Data records
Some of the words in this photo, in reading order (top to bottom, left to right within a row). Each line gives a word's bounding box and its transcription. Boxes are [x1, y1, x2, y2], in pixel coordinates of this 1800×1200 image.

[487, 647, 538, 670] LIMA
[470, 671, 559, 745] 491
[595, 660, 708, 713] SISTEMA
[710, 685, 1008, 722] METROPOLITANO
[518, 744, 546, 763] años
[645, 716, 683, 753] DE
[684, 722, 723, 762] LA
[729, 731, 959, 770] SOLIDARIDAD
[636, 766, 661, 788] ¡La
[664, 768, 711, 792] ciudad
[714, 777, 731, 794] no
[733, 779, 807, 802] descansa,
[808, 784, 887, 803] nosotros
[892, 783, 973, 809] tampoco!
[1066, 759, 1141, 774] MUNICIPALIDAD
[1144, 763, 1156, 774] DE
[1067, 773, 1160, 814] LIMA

__TO DO__:
Retype all of the data exactly. Leave nothing out.

__WRITTEN ANSWER__:
Some of the words in this photo, in reading order (top to bottom, left to right within a row). Each line gives a word's bounding box and its transcription. Boxes are [x1, y1, x2, y2], in pixel coordinates of this 1800×1200 image.

[487, 647, 538, 670] LIMA
[470, 671, 559, 745] 491
[595, 660, 708, 713] SISTEMA
[710, 685, 1008, 722] METROPOLITANO
[518, 744, 546, 763] años
[645, 716, 683, 753] DE
[684, 722, 723, 762] LA
[729, 731, 959, 770] SOLIDARIDAD
[636, 766, 661, 788] ¡La
[664, 768, 711, 792] ciudad
[714, 777, 731, 794] no
[733, 779, 807, 802] descansa,
[808, 784, 887, 803] nosotros
[892, 783, 973, 809] tampoco!
[1066, 759, 1141, 774] MUNICIPALIDAD
[1144, 763, 1156, 774] DE
[1067, 773, 1160, 814] LIMA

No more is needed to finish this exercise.